Recently, there are many online workout videos that promise to "tone everything in 10 minutes".

These quick and easy workouts are popular among busy urbanites who want to burn fat and have a healthier body.

High-intensity interval training (HIIT) is a fitness programme with tailor-made, simple moves which involve intense bursts of high-intensity exercise followed by short periods of active rest with the aim of pushing the body to its limit and burning calories in a most effective way. Since HIIT raises total energy expenditure in a short period of time, it helps boost the afterburn effect so that the body keeps burning calories for 24 hours after exercise. As a result, HIIT is considered an ideal way to lose weight.

Dr Lobo Louie, Associate Professor of Department of Physical Education pointed out, "HIIT is an anaerobic exercise. According to the American College of Sports Medicine (ASCM), the afterburn effect initiated by HIIT can burn about 10% extra fat than aerobic exercises. However, quick exercises cannot burn a lot of calories so it cannot help with weight-loss plans. Indeed, the body only starts burning fat (beta oxidation) effectively after at least 30 minutes of exercise. Equally important is to follow a controlled diet."
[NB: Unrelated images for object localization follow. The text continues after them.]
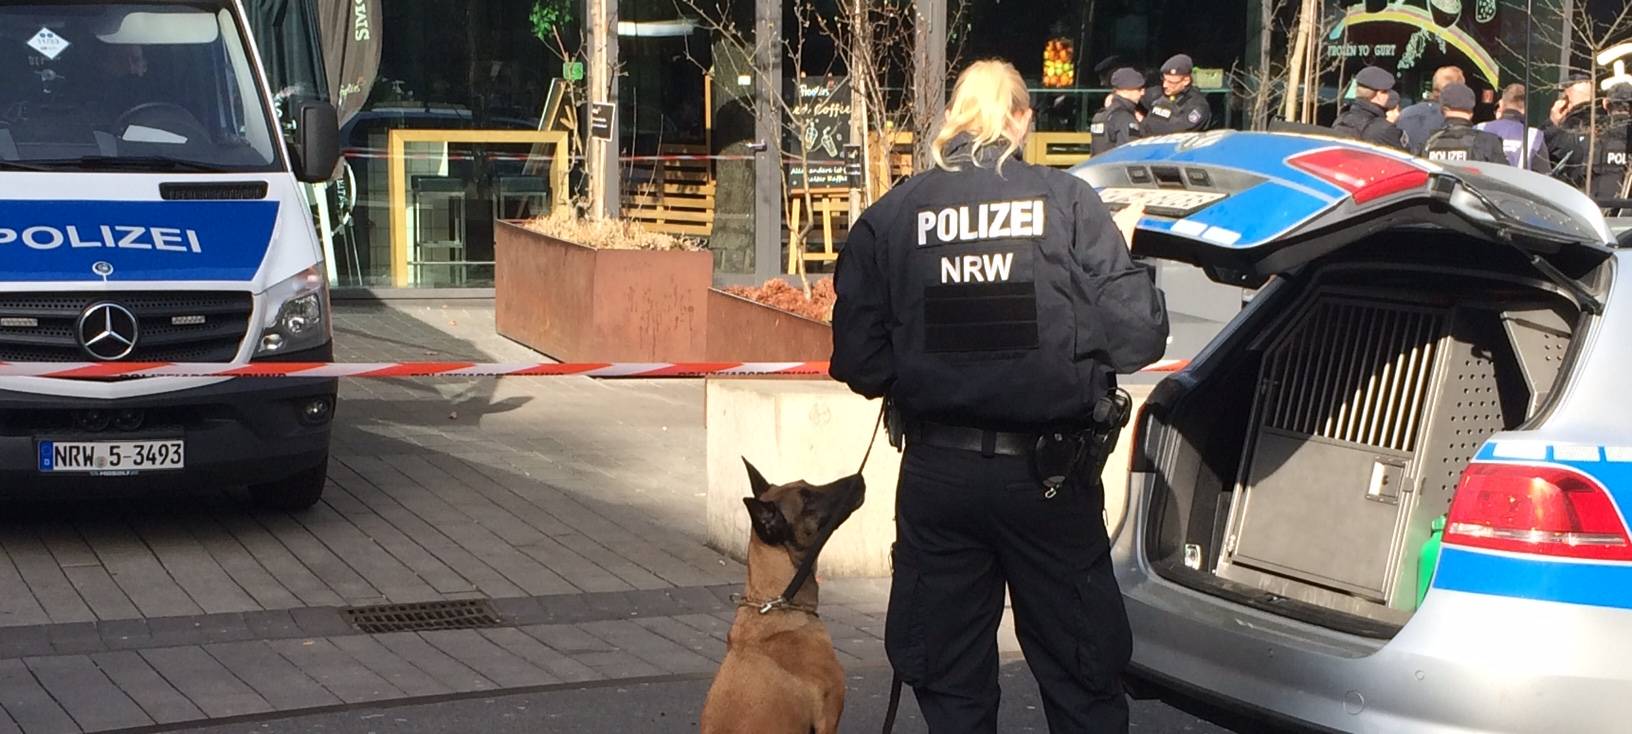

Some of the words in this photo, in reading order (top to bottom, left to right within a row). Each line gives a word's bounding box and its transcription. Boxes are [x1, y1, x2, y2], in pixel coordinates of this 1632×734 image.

[1607, 152, 1627, 165] POL
[917, 200, 1044, 246] POLIZEI
[941, 253, 1014, 284] NRW
[54, 445, 95, 467] NRW
[109, 443, 182, 467] 5-3493
Though HIIT is not a magic pill to lose weight, this simple and short workout is a good choice for urbanites to maintain long-term health. Dr Louie said, "Regular exercise benefits health. In addition to boosting cardio-pulmonary and metabolic functions, HIIT can also improve muscular strength and endurance, boost the immune system as well as reduce chronic diseases."

In order to prevent injury while exercising, Dr Louie reminded people to assess their body condition before starting HIIT and to do the workout step by step, "For beginners who may have weak muscles, improving exercise capacity should be the priority. This can be achieved by jogging for 20 minutes. This helps the body get ready for high-intensity exercises in four weeks. Another advice is the '10% rule', which means that the weekly mileage or exercise amount should be increased gradually by increments of 10%. Drinking enough water and scheduling HIIT workouts two hours before or after meals is crucial, as is sufficient rest after exercise to allow the body to recover.

Dr Louie stressed that the concept of HIIT is to get the heart and muscles to work at maximum capacity in short bursts. This may lead to cardiomegaly and increase the risk of recessive heart diseases. Should feelings of dizziness, chest tightness or shortness of breath appear during exercise, stop immediately and rest.